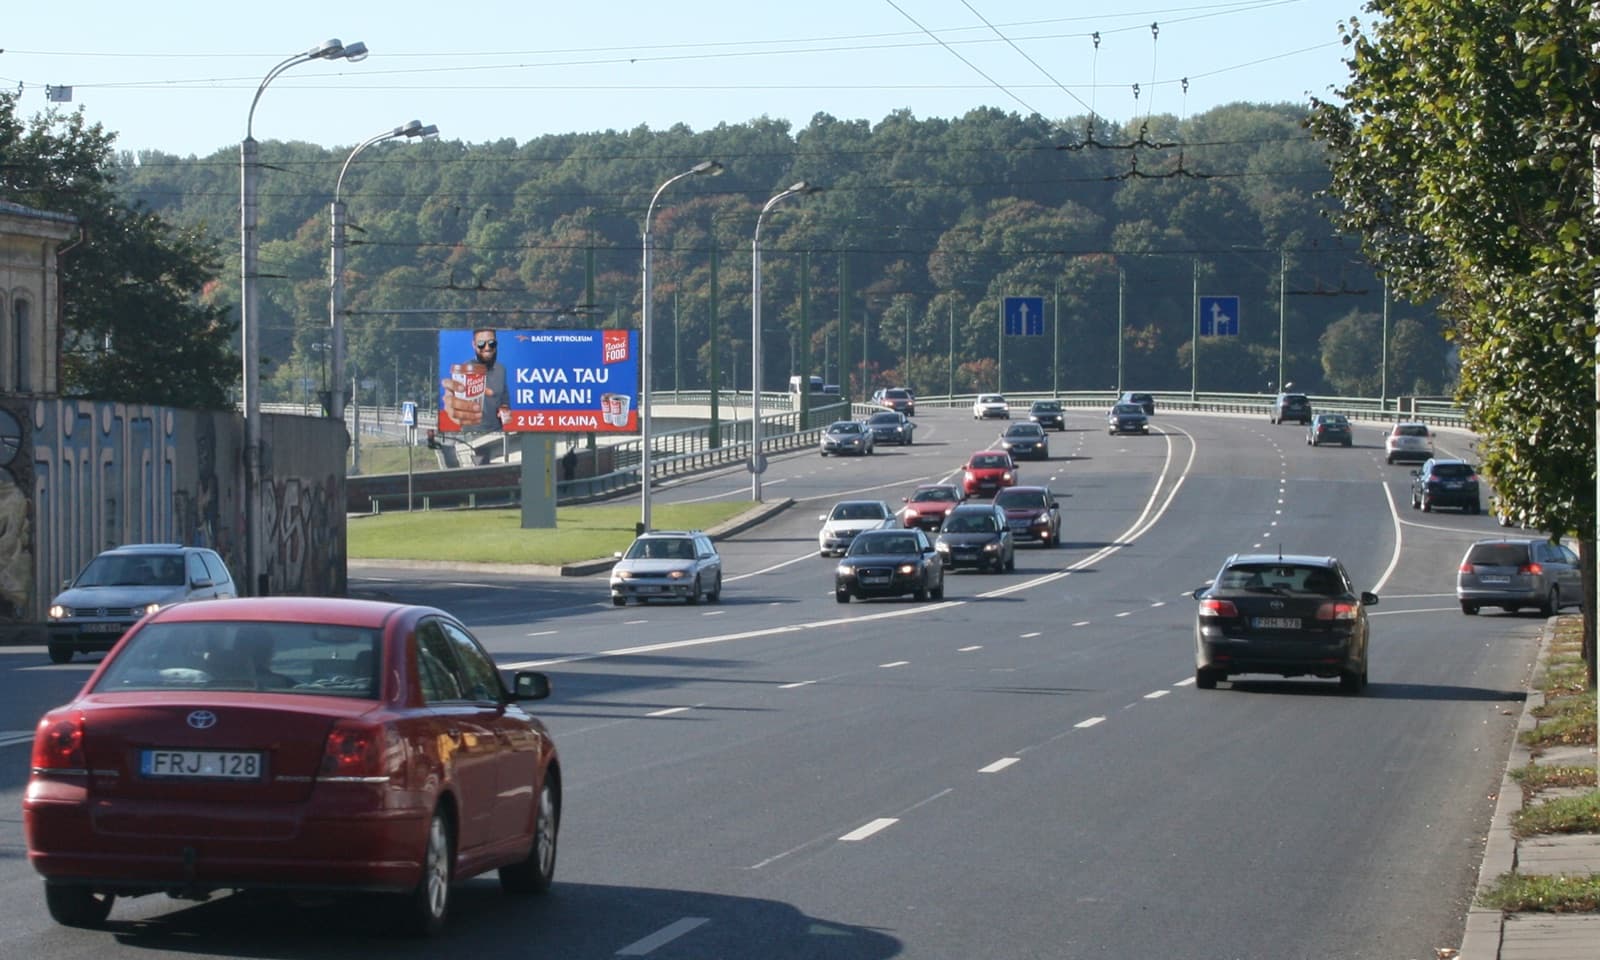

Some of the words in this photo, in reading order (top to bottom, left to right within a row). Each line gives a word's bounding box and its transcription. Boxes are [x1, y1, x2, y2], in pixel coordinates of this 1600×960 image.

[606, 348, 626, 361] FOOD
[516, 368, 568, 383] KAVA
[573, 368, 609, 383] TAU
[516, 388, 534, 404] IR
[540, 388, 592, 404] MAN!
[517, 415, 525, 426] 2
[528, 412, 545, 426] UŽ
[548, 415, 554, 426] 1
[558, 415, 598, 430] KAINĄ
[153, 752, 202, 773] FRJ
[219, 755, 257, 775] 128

> **What you have to do**
The records above are to be restated exactly, with all pictures omitted.

> **Result of this task**
Some of the words in this photo, in reading order (top to bottom, left to right within a row). Each line gives a word's bounding box and its transcription. Boxes are [x1, y1, x2, y2], in pixel coordinates of this 1600×960 image.

[606, 348, 626, 361] FOOD
[516, 368, 568, 383] KAVA
[573, 368, 609, 383] TAU
[516, 388, 534, 404] IR
[540, 388, 592, 404] MAN!
[517, 415, 525, 426] 2
[528, 412, 545, 426] UŽ
[548, 415, 554, 426] 1
[558, 415, 598, 430] KAINĄ
[153, 752, 202, 773] FRJ
[219, 755, 257, 775] 128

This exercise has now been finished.